R Tutorial

Material heavily influenced by Nicholas J Clark’s excellent course on Ecological forecasting with mvgam and brms

Installation

Check if your installation worked

cmdstan_version()

If this returns a version number like "2.32.2" then things are working properly.

Introduction

So far we’ve developed relatively simple time-series models
Linear time-series dependance
Linear responses to environmental factors
Normally distributed errors
No model of observation error
No interactions between species
Can’t handle missing data
Most of these are violated in ecological systems
So start fitting more complex models

mvgam

Models like this are not trivial to fit
Use STAN
Uses MCMC to explore parameter space to fit the model using Bayesian methods
Typically requires learning a separate language - STAN is it’s own language
This lets you write arbitrarily complex models, but really needs a course in Bayesian methods
So, we’re going to use an R package called mvgam to implement our models
We’re going to use it because it’s the simplest way to make complex time-series model in R

library(mvgam)
library(dplyr)

Data

Data on the population dynamics of the Desert Pocket Mouse

pp_data <- read.csv("content/data/pp_abundance_timeseries.csv")

mvgam requires it’s own specific data format and doesn’t currently work with tsibbles
Requires a time variable be present in the data to index temporal observations starting at 1.
Our newmoonnumber indexes the monthly samples so convert it to a start at 1
Also requires a a series variable, which needs to be a factor
Helps when analyzing multiple time series at once (e.g., multiple species)

pp_data <- read.csv("content/data/pp_abundance_timeseries.csv") |>
  mutate(time = newmoonnumber - min(newmoonnumber) + 1) |>
  mutate(series = as.factor('PP')) |>
  select(time, series, abundance, mintemp, cool_precip)

124 months of data
Reserve 24 for testing

data_train <- filter(pp_data, time <= 100) 
data_test <- filter(pp_data, time > 100)

Simply time-series models in mvgam

mvgam comes with a time-series visualization function like we had in fable

plot_mvgam_series(data = pp_data, y = 'abundance')

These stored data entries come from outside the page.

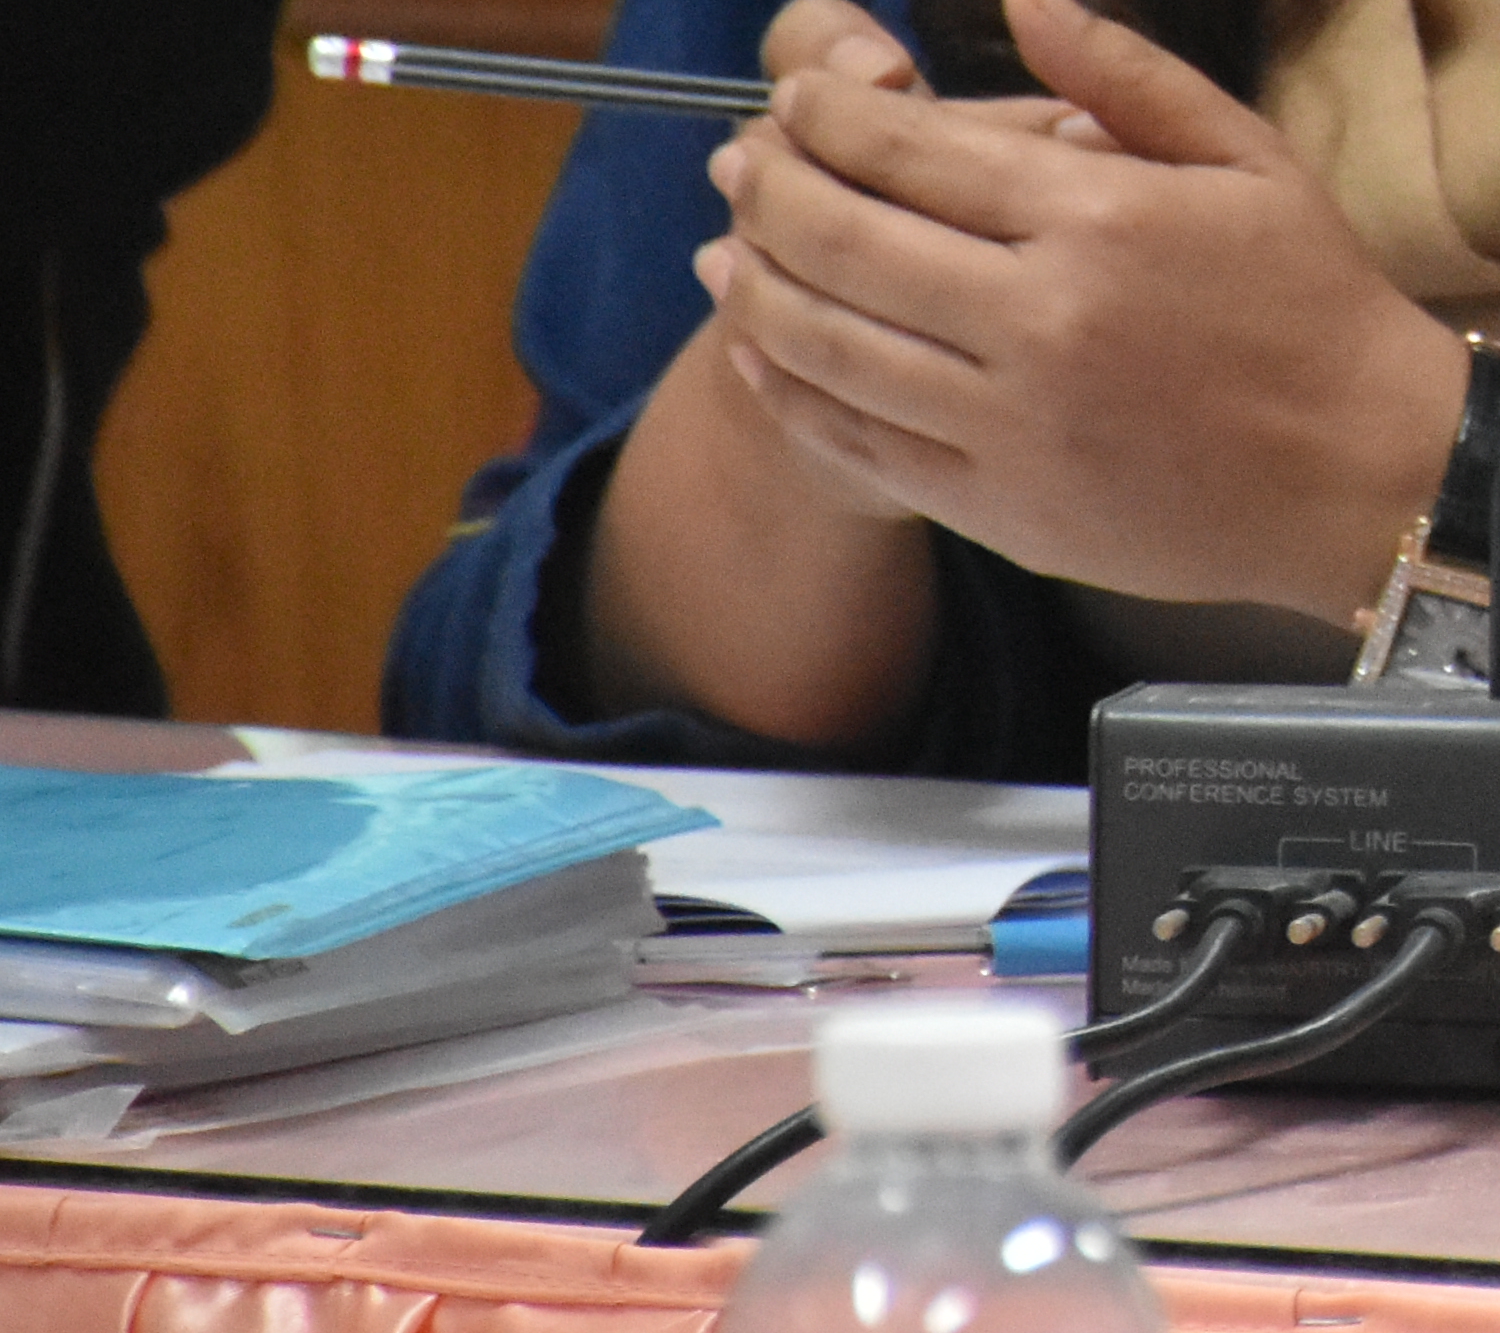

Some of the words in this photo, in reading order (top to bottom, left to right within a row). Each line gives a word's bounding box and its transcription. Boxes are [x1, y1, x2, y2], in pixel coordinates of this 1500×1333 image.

[1124, 756, 1302, 780] PROFESSIONAL
[1124, 781, 1284, 805] CONFERENCE
[1293, 786, 1389, 807] SYSTEM
[1350, 831, 1407, 853] LINE
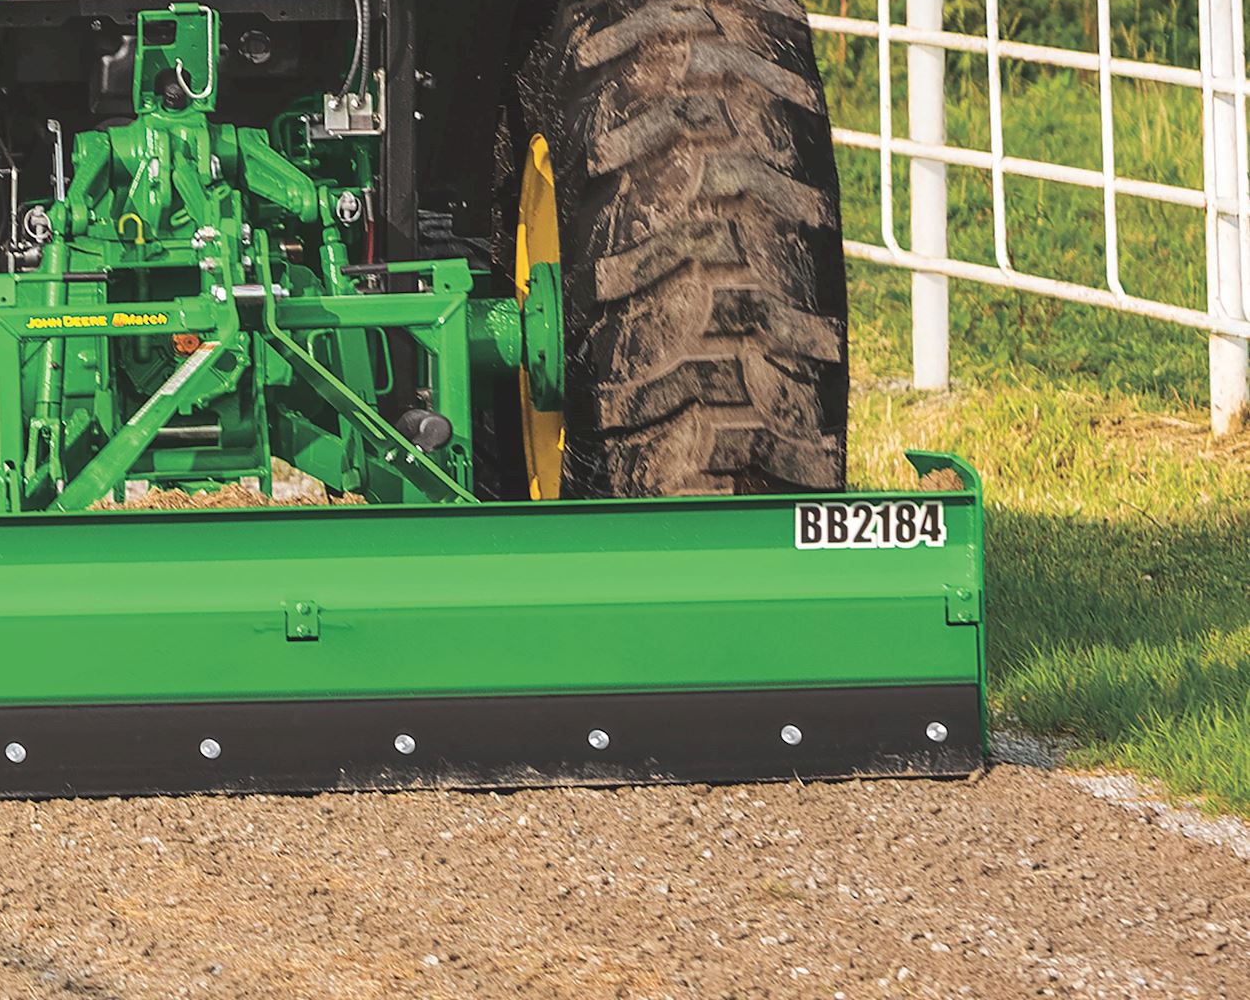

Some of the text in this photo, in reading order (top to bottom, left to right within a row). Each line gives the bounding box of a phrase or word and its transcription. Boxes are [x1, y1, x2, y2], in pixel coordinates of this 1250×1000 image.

[26, 317, 62, 328] JOHN
[62, 315, 107, 327] DEERE
[797, 502, 944, 547] BB2184
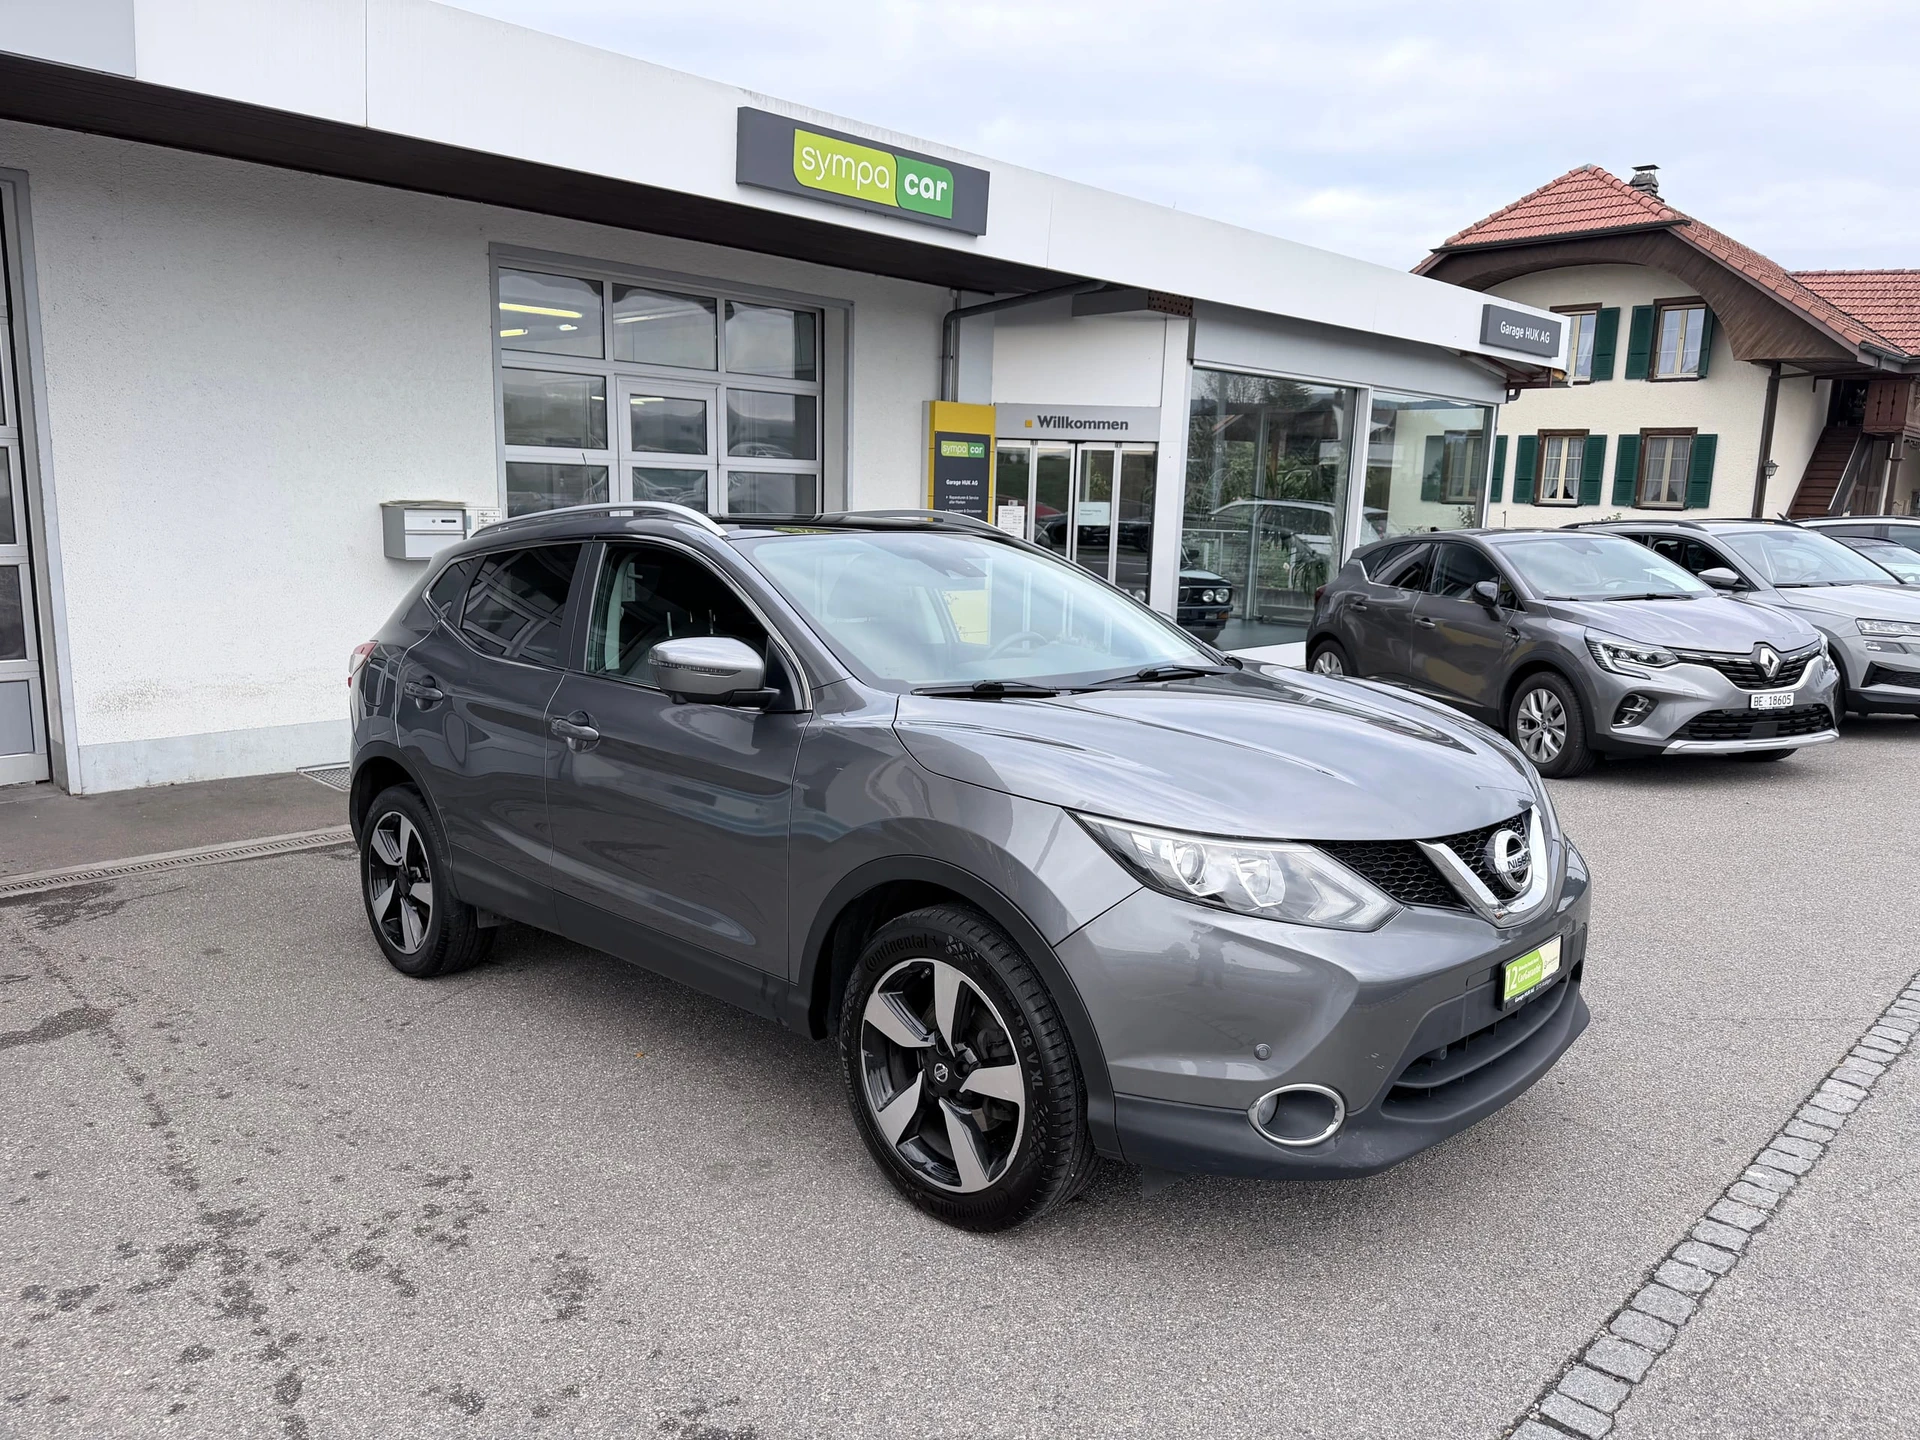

Start by building something similar to what we’ve done before with the number of desert pocket mice
Model has an exogenous driver - minimum temperature
An autoregressive component
Gaussian error

$$y_t = c + \beta_1 x_{1,t} + \beta_2 y_{t-1} + \mathcal{N}(0,\sigma^{2})$$

Which can also be written as

$$y_t = \mathcal{N}(\mu,\sigma^{2})$$ $$u_t = c + \beta_1 x_{1,t} + \beta_2 y_{t-1}$$

Fit using the mvgam() function
Follows a Base R model structure so start with the model formula
Instead of including the AR component in the model we add a separate trend_model argument
We’ll use "AR1"
Specify the error family = gaussian()
Then we can specify the data for fitting the model and the data for making/evaluating forecasts

baseline_model = mvgam(abundance ~ mintemp,
                       trend_model = "AR1",
                       family = gaussian(),
                       data = data_train)

Bayesian model fitting

That’s a lot of output for fitting a model
What’s going on?
It is difficult to fit more complex time-series models
One way to fit them is using Bayesian methods
These methods iteratively search parameter space for the best parameter values
Using something called Markov Chain Monte Carlo (MCMC)
Draw 2D parameter search on board
The "Iteration" lines are telling us that the model is working it’s way through this process
The "Warmup" lines are iterations that are used to get in the right parameter space but then thrown away
The "Sampling" lines are iterations that serve as samples for each of the parameters we are fitting
Having multiple samples gives us the uncertainty in the parameters by looking at how variable those values are
The different "chains" are because we typically go through this process multiple times to check than we are converging to the right values
We can look at the result of this fitting process using mcmc_plot

mcmc_plot(baseline_model, type = "trace", variable = c("mintemp", "ar1[1]", "sigma[1]"))

The red lines at the bottom are providing the same information as the warnings when we fit the model
Something isn’t quite right
The model isn’t converged yet
We could try running it longer
But part of what’s going on here is that we’re using a poorly specified model given the data because we’ve assumed Gaussian errors
So let’s look at the model & forecast and then keep going
We can look at the model structure using summary()

summary(baseline_model)

If we plot the model we’ll get some diagnostic plots

plot(baseline_model)

The residuals are normally distributed
And the residual autocorrelation isn’t significant

Bayesian model forecasting

So let’s look at the forecasts
To make forecasts for Bayesian models we include data for y that is NA
This tells the model that we don’t know the values and therefore the model estimates them as part of the fitting process
Handy because it means these models can handle missing data
To make a true forecast one NA is added to the end of y for each time step we want to forecast
To hindcast the values for y that are part of the test set are replaced with NA
We can do this in mvgam using the forecast() function

baseline_forecast = forecast(baseline_model, newdata = data_test)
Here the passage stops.